0 {'detail': None, 'id': 'job_1451961118663_3126'} PREP 2016-01-26 21:57:28.756000 TempletonControllerJob
wasb://..../scripts/pig/titi.pig TempletonControllerJob
1 {'detail': None, 'id': 'job_1451961118663_3125'} PREP 2016-01-26 21:57:28.517999 TempletonControllerJob
wasb://..../scripts/pig/pre_processing.pig TempletonControllerJob
2 {'detail': None, 'id': 'job_1451961118663_3124'} PREP 2016-01-26 21:50:32.742000 TempletonControllerJob
wasb://..../scripts/pig/titi.pig TempletonControllerJob
3 {'detail': None, 'id': 'job_1451961118663_3123'} RUNNING 2016-01-26 21:46:57.219000 TempletonControllerJob
wasb://..../scripts/pig/alg1.pig TempletonControllerJob
4 {'detail': None, 'id': 'job_1451961118663_3122'} SUCCEEDED 2016-01-26 21:40:34.687999 PigLatin:pre_processing.pig
None PigLatin:pre_processing.pig
5 {'detail': None, 'id': 'job_1451961118663_3121'} RUNNING 2016-01-26 21:41:29.657000 TempletonControllerJob
wasb://..../scripts/pig/Algo_LDA2.pig TempletonControllerJob
6 {'detail': None, 'id': 'job_1451961118663_3120'} SUCCEEDED 2016-01-26 21:40:06.859999 TempletonControllerJob
wasb://..../scripts/pig/alg1.pig TempletonControllerJob

To kill a job:

client.job_kill("id")

(original entry : azure_connection.py:docstring of pyenbc.remote.azure_connection.AzureClient.job_queue, line 9)

Submit a job PIG

The script PIG must include an instruction LOAD. This instruction use file name defined with the wasb syntax.

If you place the string $CONTAINER before a stream name, it should be replaced by the corresponding wasb syntax associated to the container name defined by container_name.
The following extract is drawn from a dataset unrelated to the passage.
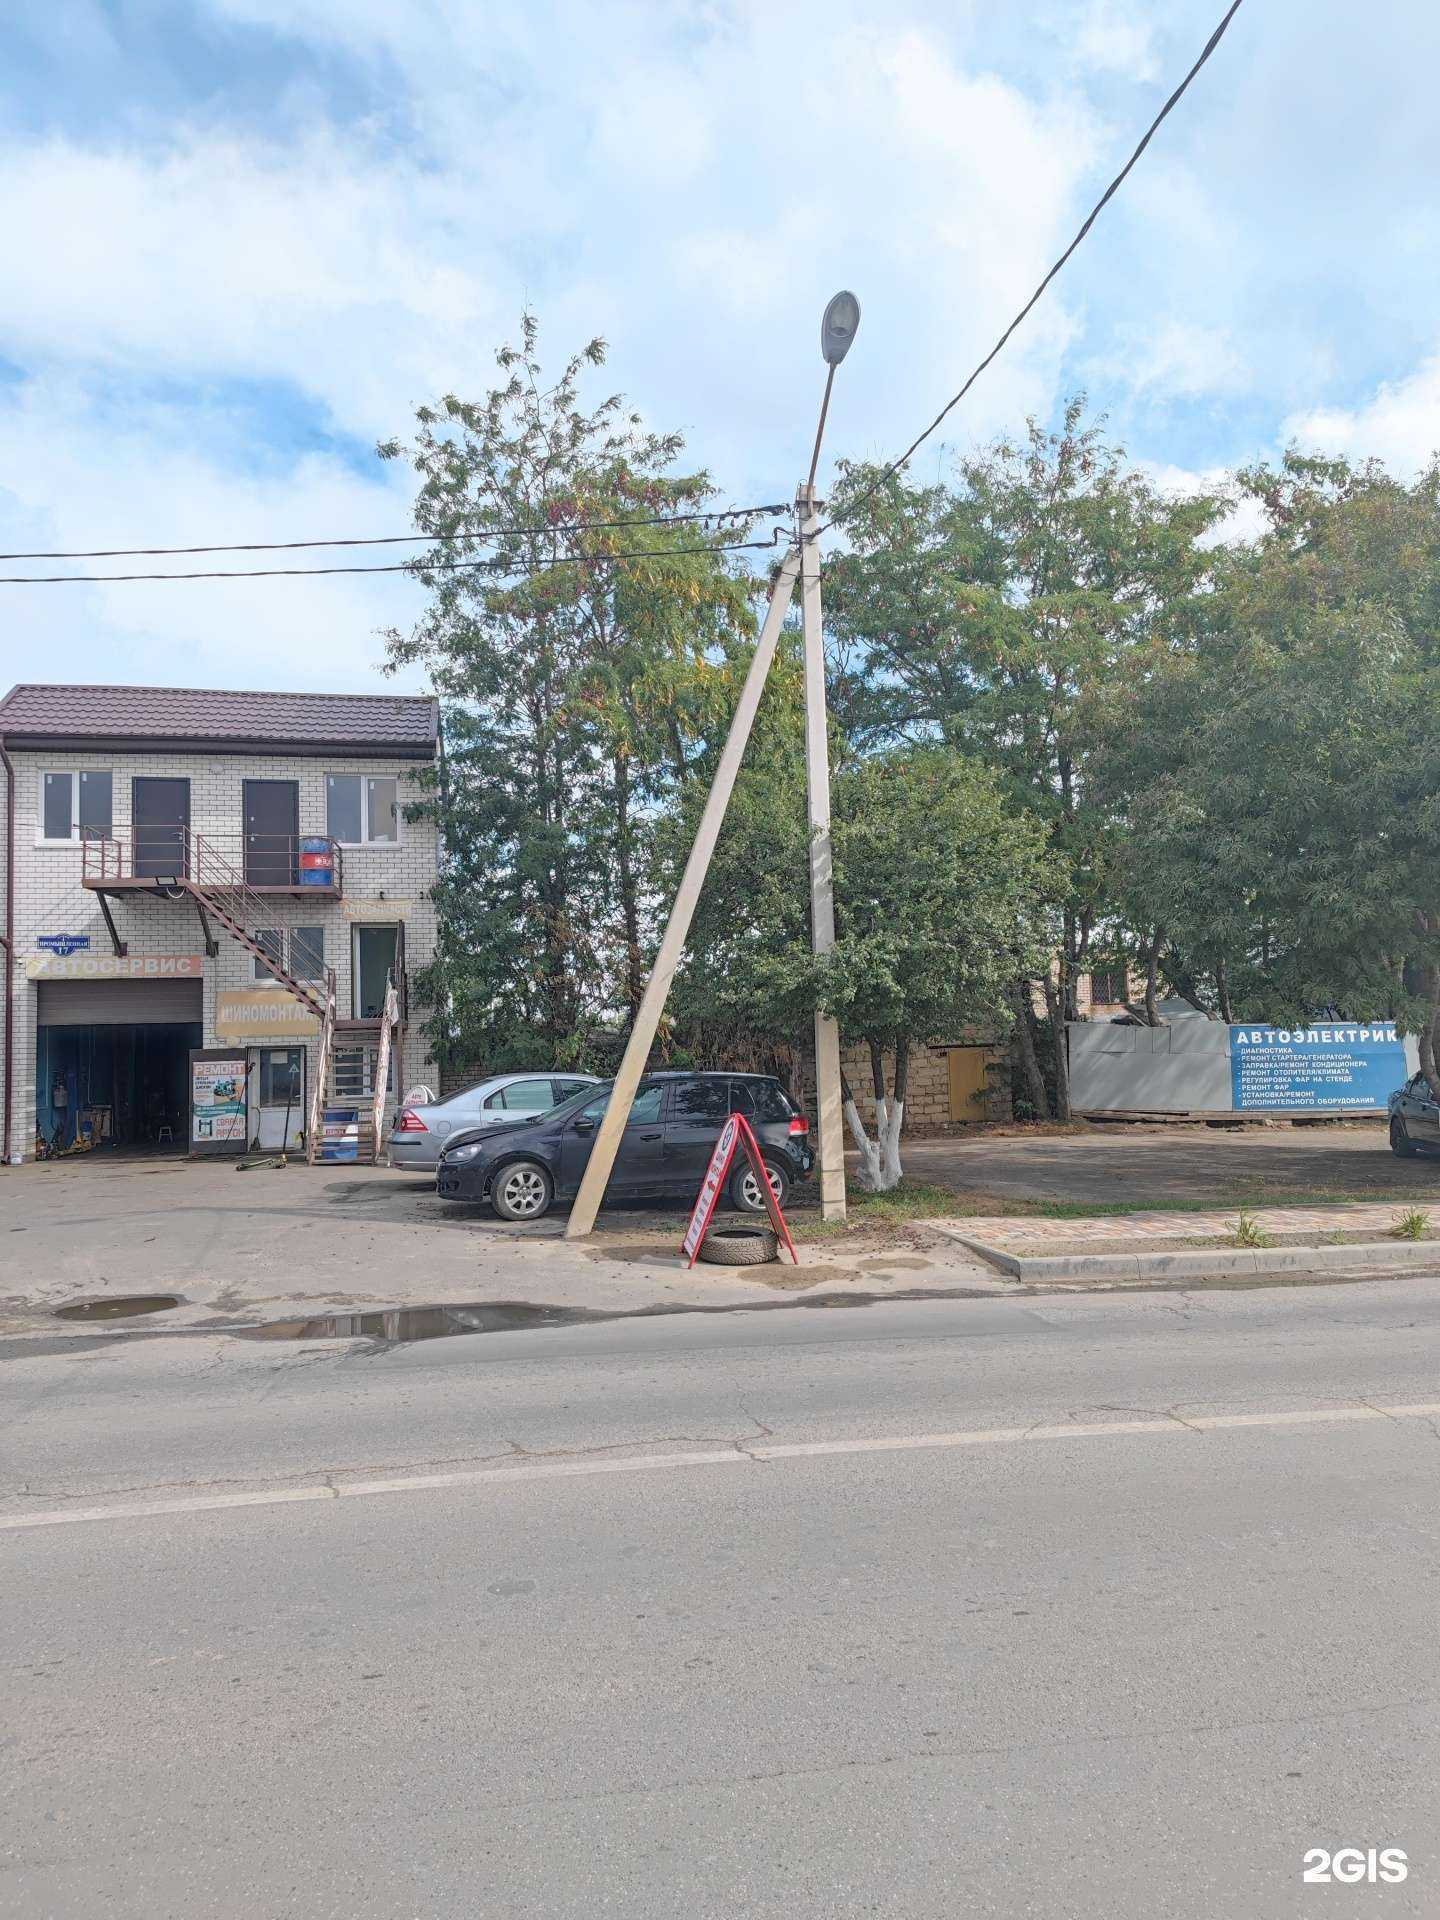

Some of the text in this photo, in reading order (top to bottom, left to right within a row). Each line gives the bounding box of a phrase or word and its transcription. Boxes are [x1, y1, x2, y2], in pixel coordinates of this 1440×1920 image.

The function will then load your script, modify it and save another one with the by adding .wasb.pig. Others constants you could use:

  • $PSEUDO

  • $CONTAINER

  • $SCRIPTSPIG

However, this replacement is not done by this class, but your code could be such as:

blobstorage = "****"
blobpassword = "*********************"
hadoop_name = "*********"
hadoop_password = "********"
username = "********"
cl = AzureClient(blobstorage,
                blobpassword,
                hadoop_name,
                hadoop_password,
                username)
script = '''
    myinput = LOAD '$CONTAINER/input.csv'
            using PigStorage(',')
            AS (index:long, sequence, tag, timestamp:long, dateformat, x:double,y:double, z:double, activity) ;
    filt = FILTER myinput BY activity == 'walking' ;
    STORE filt INTO '$PSEUDO/output.csv' USING PigStorage() ;
    '''

with open("script_walking.pig","w") as f :
    f.write(script)

bs = cl.open_blob_service()
js = cl.pig_submit(bs, blobstorage, "testensae/script_walking.pig")
print(js)

js = cl.job_status('job_1414863995725_0013')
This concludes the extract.